Parents purchase health insurance for their son while he's enrolled in the Agriculture Program at UCLA -- just in case. Trevor Young came from a nice maggot-farming Mormon family just north of Pocatello. Blonde, Trevor was quite the handsome country boy, when he headed off to UCLA to study Agriculture. In his pocket was his "trick" for impressing young women, a sample from his Idaho farm. "Maybe I'll meet somebody to marry up with," he told his mother, a stout matronly sort. "Are you bringing your little box?" she asked sweetly. "Of course," Trevor said, "It's the best lure I got." His mother nodded. "If she doesn't like your little box, then she's not good enough for my boy," Trevor's mother opined. She and her husband, Hyrum, had also gifted their son with health insurance coverage purchased from a California Health Insurance agent. "We won't worry so much," she told her ninth-born.

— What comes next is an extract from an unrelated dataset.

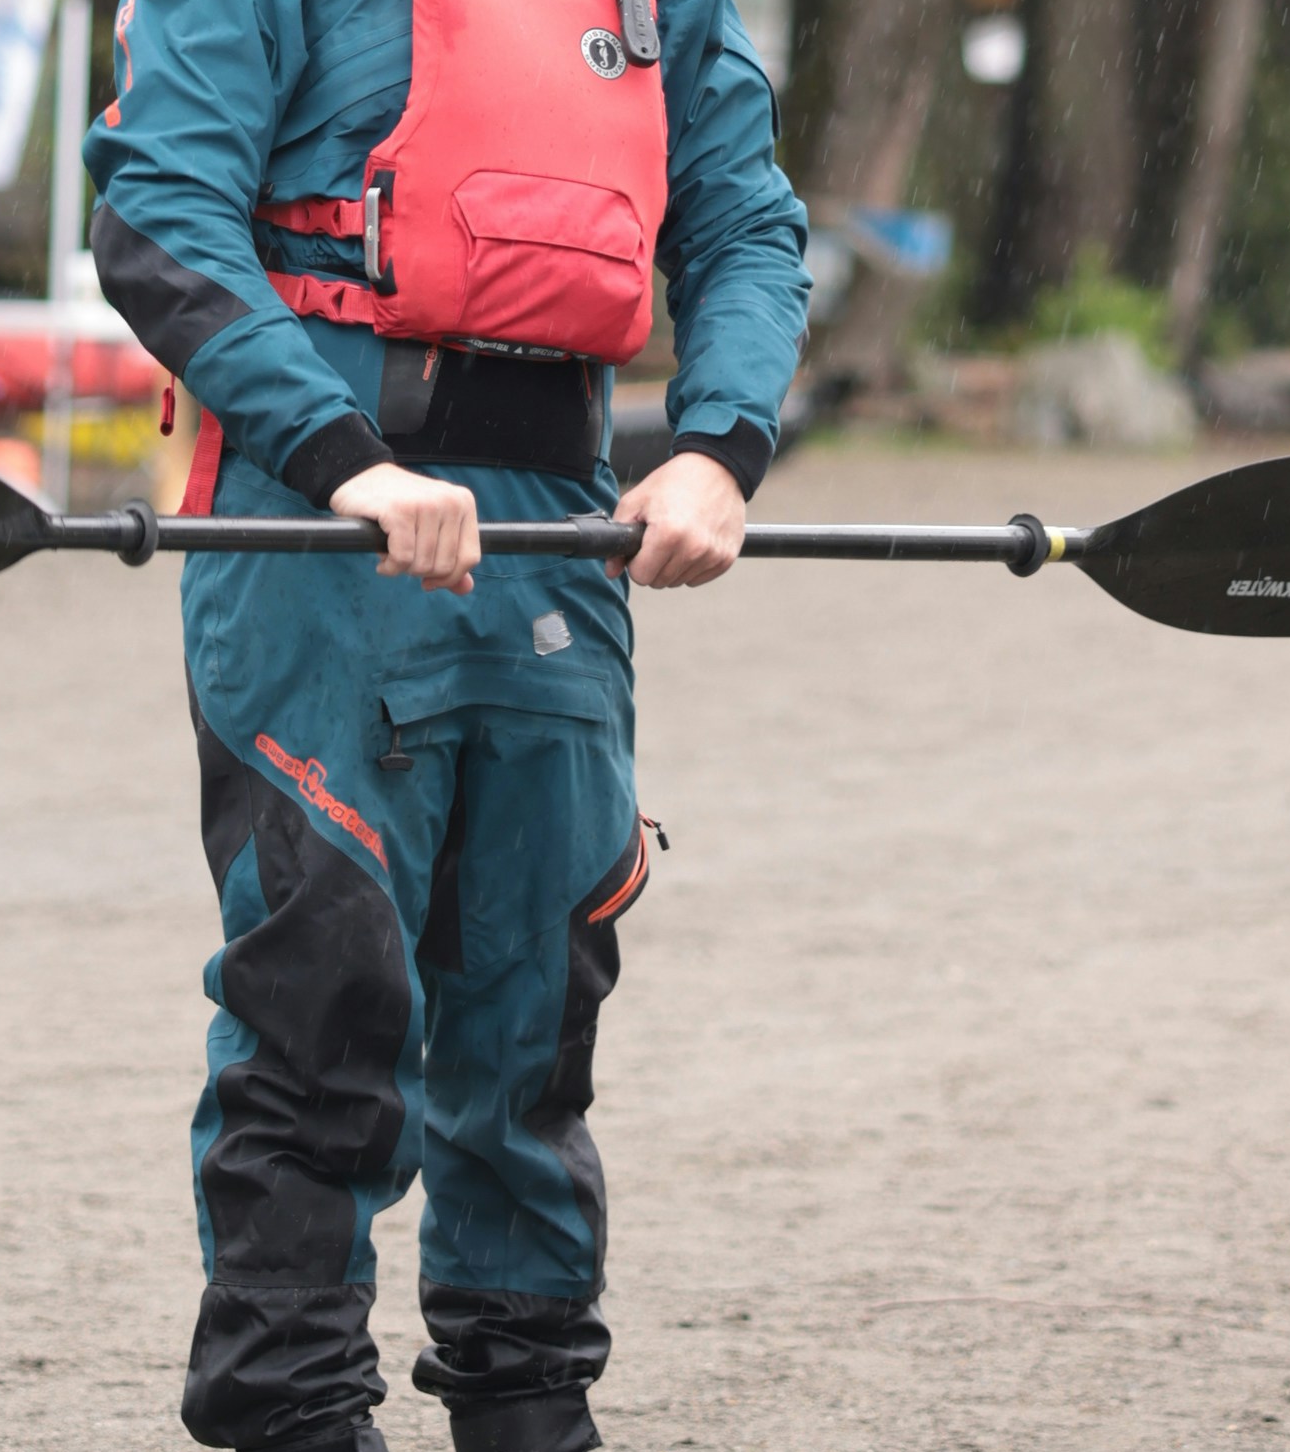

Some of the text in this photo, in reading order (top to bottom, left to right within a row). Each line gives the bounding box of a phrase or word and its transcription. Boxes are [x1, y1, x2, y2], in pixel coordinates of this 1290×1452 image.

[583, 31, 621, 52] MUSTANG
[585, 54, 625, 76] SURVIVAL
[257, 736, 304, 778] sweet

Once on campus, Trevor settled in. One of his roommates noticed the little box. Left unattended on a bureau top, it was oval, smelled of chocolate on the outside, and was purple. "What's in this Farm Boy?" the guy asked. Max Weinart was a junior majoring in International Finance from the Bronx and guessed precious jewelry, like a ring, was in it.
"It's for a special girl," Trevor explained, implying to Max that the contents were none of his business. Max nodded, assuming he'd guessed right.
A few weeks later at a formal soiree, Trevor met that "special" girl, Karen. Big-boned but pretty, she hailed from Jersey. She later regretted popping the question. "What kind of farming does your family do?"
"Wait, I'll show you." Out came the box, the one that had so intrigued the girls from north of Pocatello. Karen gasped at the contents in horror, screamed and reflexively punched, smacking Trevor in the jaw and knocking him cold.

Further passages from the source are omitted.